(Dataset extract)
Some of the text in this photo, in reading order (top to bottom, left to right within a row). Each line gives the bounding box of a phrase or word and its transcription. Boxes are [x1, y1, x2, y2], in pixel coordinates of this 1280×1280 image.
(End Dataset extract)
(Dataset extract)
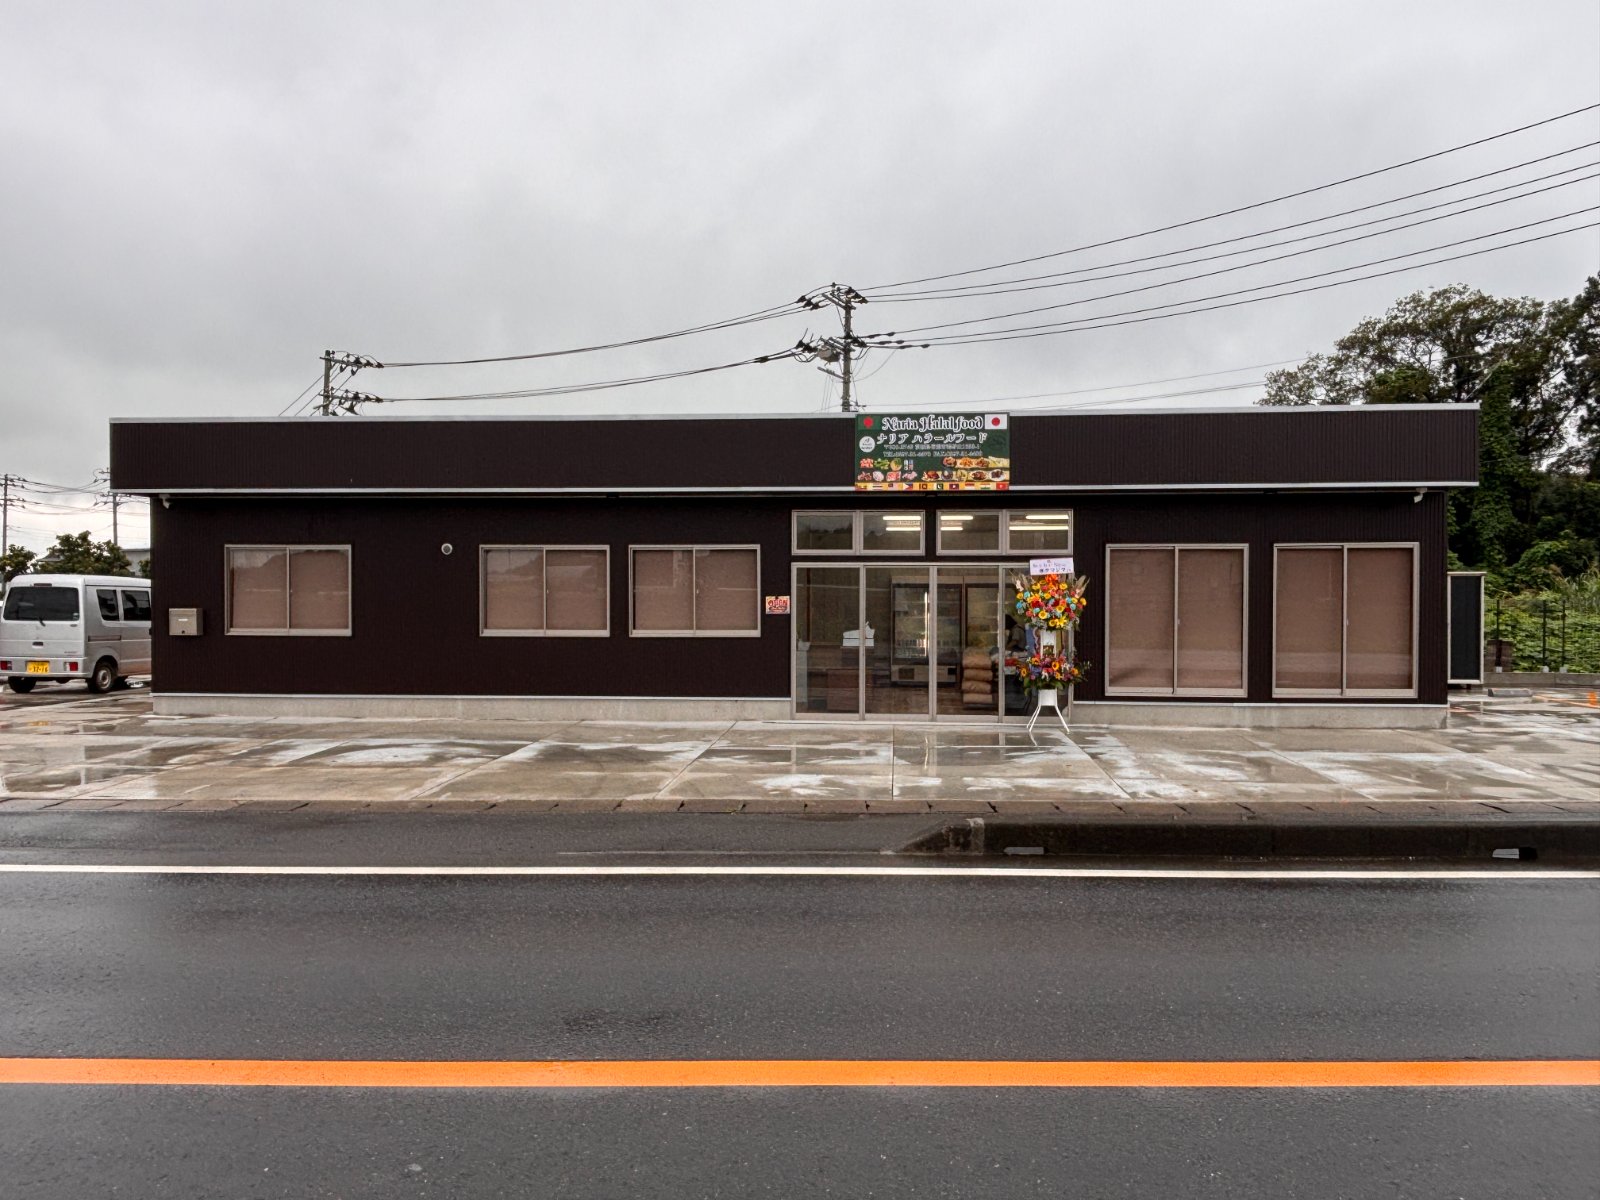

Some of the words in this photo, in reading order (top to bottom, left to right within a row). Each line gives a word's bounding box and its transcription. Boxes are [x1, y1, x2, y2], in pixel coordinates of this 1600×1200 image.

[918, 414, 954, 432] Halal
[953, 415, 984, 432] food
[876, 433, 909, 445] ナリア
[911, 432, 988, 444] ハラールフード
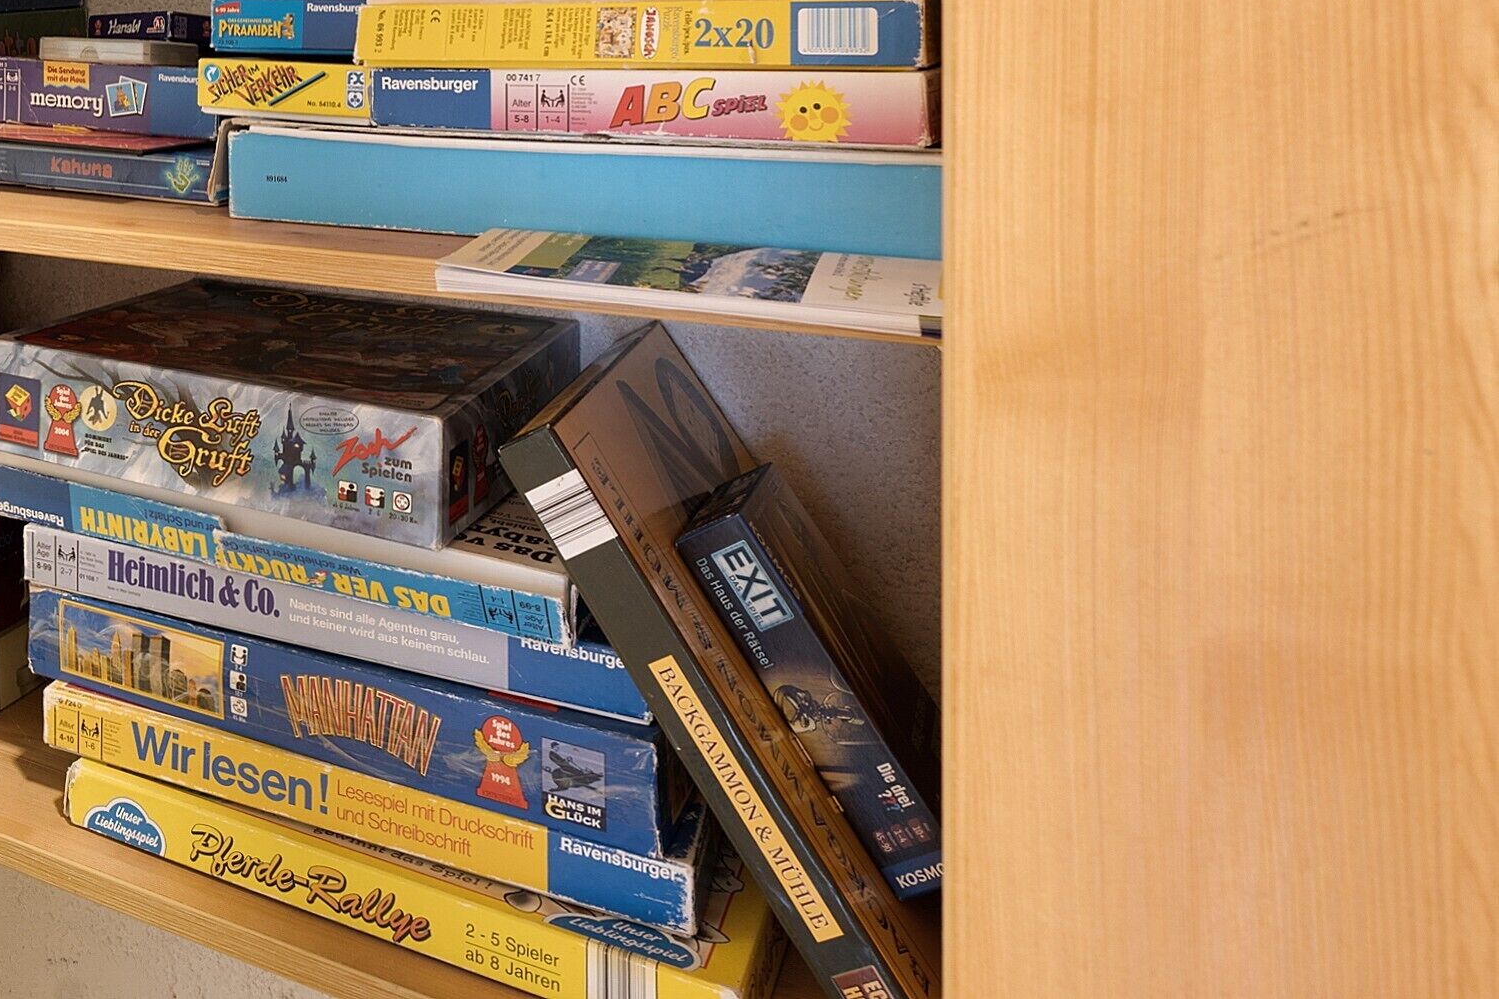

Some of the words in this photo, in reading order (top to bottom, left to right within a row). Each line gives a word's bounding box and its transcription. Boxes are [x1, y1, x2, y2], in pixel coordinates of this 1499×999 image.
(End Dataset extract)
■ **Exercise objective**: Extract the part of the records that opens with the line containing "this 1600×1200 image." and closes with the line containing "this 1499×999 image.". Take only those lines, exactly, and no pictures.

■ **Answer below**:
Some of the words in this photo, in reading order (top to bottom, left to right within a row). Each line gives a word's bounding box and its transcription. Boxes are [x1, y1, x2, y2], in pixel coordinates of this 1600×1200 image.

[918, 414, 954, 432] Halal
[953, 415, 984, 432] food
[876, 433, 909, 445] ナリア
[911, 432, 988, 444] ハラールフード

Some of the words in this photo, in reading order (top to bottom, left to right within a row). Each line gives a word's bounding box and its transcription. Boxes are [x1, y1, x2, y2], in pixel coordinates of this 1499×999 image.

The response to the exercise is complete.